Saturday, January 3, 2009

Martha Clarke's Garden of Earthly Delights



My daughter Gillian and her girlfriend Kim gave my wife and I a pair of tickets to see Martha Clarke’s Garden of Earthly Delights. We went early and went to eat at Caffe Reggio around the corner on Mac Dougal St. We had soup, salad and espresso and soaked in the exquisite atmosphere: heavily carved dark wood,dimly lit old portrait paintings... We left to wander around the West Village: Carmine, Bedford, Cornelia Streets then went to the Minetta Lane Theater.
The lobby was peppered with prints of Bosch’s triptych Garden of Earthly Delights, so the ground was prepared for the journey into the world you were entering.
We had seats in the balcony , a great view to see the reflections of the dancers but the seats are so cramped. The access is so limited that people in the middle of rows have to stand up and let others pass so much so that one man started losing his patience and tried to refuse letting some young men pass, his response was “ Come on, it’s the theater!”. We cracked up!
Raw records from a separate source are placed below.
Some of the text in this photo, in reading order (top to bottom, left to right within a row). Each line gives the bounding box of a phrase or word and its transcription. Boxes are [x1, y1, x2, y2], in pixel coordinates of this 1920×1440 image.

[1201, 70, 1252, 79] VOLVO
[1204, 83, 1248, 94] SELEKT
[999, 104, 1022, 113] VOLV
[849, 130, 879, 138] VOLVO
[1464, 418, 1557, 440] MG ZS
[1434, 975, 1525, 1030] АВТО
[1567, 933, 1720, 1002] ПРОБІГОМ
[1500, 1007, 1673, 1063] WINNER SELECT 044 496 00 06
The show begins with musicians dressed as monks casually coming on stage to make very atmospheric wind and drum noises. Around the stage there are stumps and branches (barren of leaves) sporadically placed among other props; like debris. The dancers come out walking on all fours in nude body stockings, like reptilian creatures, very primal.The progression of their movement is to the discovery of sex. The music is at turns nature driven, melodic, classical, increasingly discordant. The relationships between the dancers progress through the sexual ,becoming increasingly violent. The dancers at one point put on medieval peasant clothing. They create an image of log rolling by the women standing on the hips of prone men. As the men roll, their reflections in the floor imply a watery surface; indelible. Pairs of dancers sequentially begin slow motion leaping across the space, this evolves into the dancers putting on harnesses and flying. Daringly they flip , spin and swing; multiple dancers in the air; out over the audience, they’re assisted by the other dancers onstage , At one point a dancer on stage extends a 5’ long stick to the eye of a suspended dancer. Smoke fills the space from the top down, the climax of the action (in my opinion as this is just a fleeting impression of actual experience) comes when a male figure ascends, spinning, is dropped and raised several times and while at the apex of the rise , lights out, disappears in the dark and smoke.
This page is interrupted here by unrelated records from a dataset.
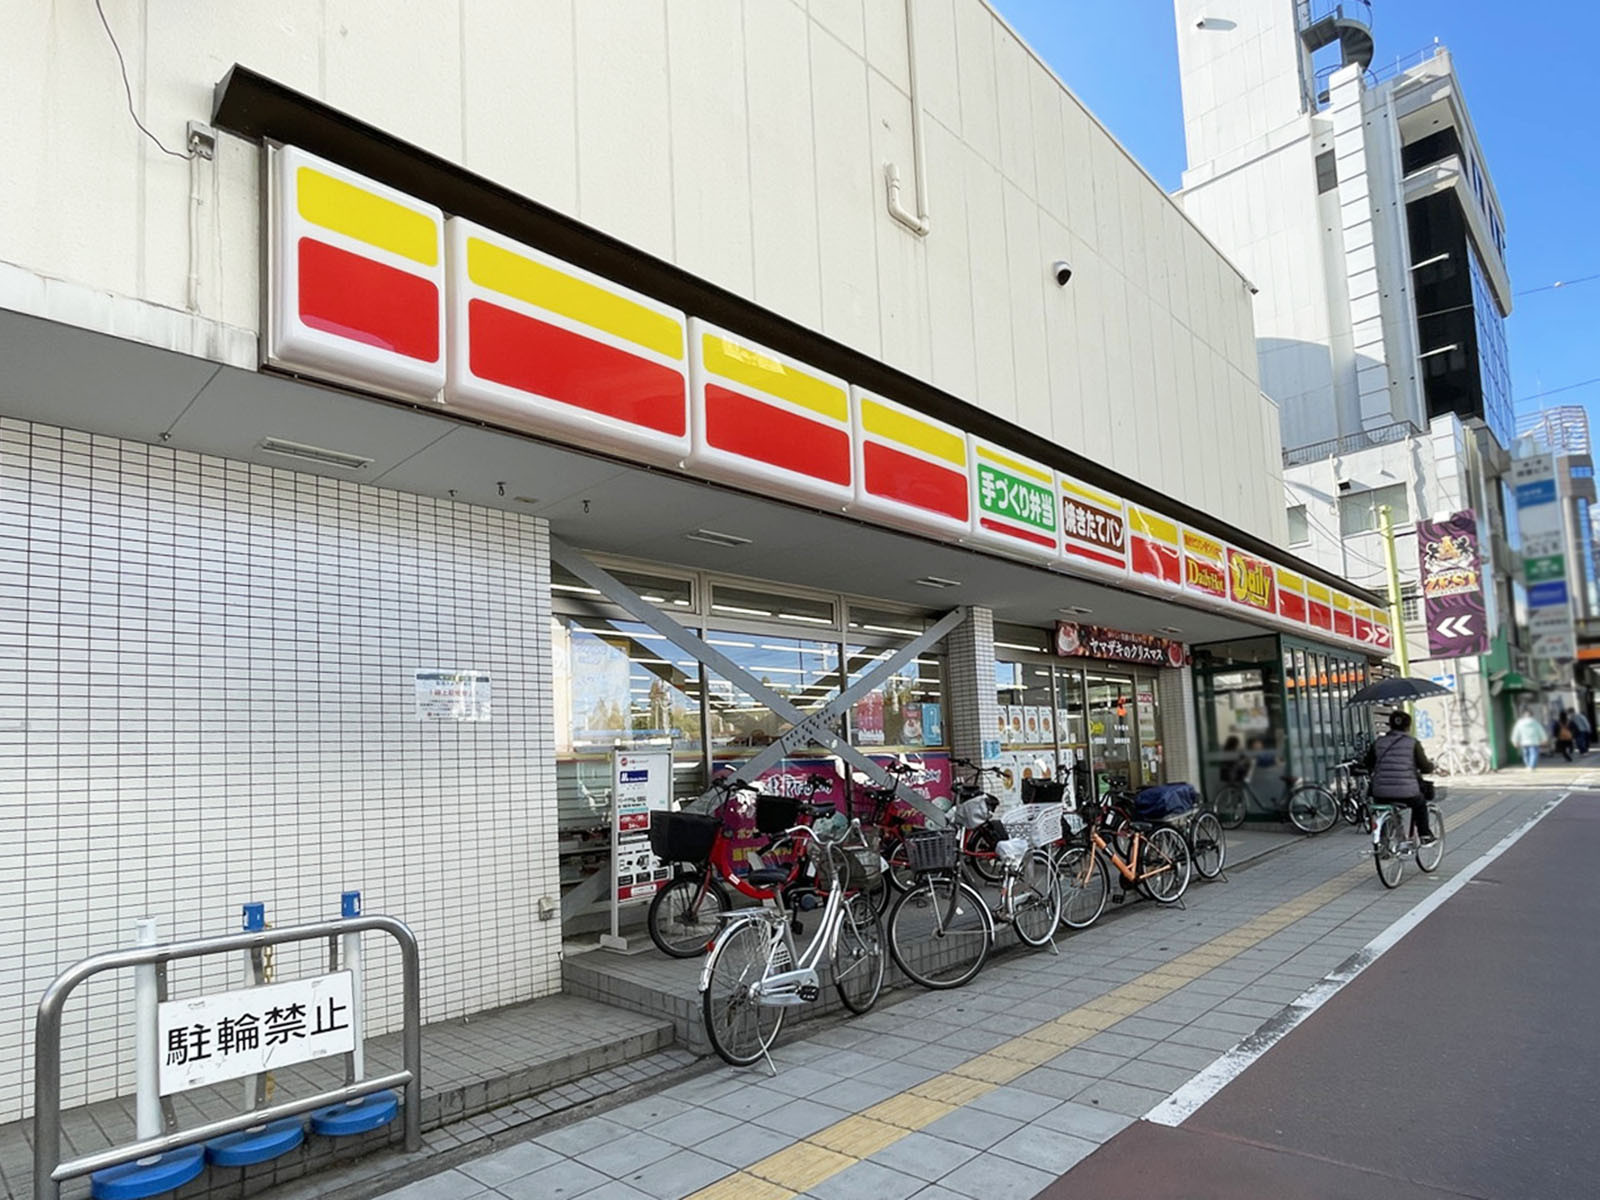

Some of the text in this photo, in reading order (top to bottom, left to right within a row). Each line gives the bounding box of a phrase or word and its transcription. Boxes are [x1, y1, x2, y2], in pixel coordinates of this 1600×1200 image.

[978, 471, 1054, 527] 手づくり弁当
[1064, 501, 1124, 547] 焼きたてパン
[1231, 552, 1270, 607] Daily
[1089, 638, 1164, 661] ヤマザキのクリスマス
[165, 996, 349, 1066] 駐輪禁止
On leaving, my wife Francie said “The moral of the story is it’s all fun and games until someone loses an eye. I said I saw it as creation myth as opposed to Bosch’s painting, which I always saw as man’s descent into Hell.
When coming down from the balcony I was moved when I saw some old show posters, the first was from Angry Housewives, Francie had painted the scenery for it back in the 80’s when the theater was first built, the second was a poster for Jeffrey that my sister Donna assisted on the sound design for in the early 90’s; ah! nostalgia.
For me it was interesting that a show inspired by a painting had no painted elements, as it was done as a black box with props and it was fun to see the mechanics of the flying system.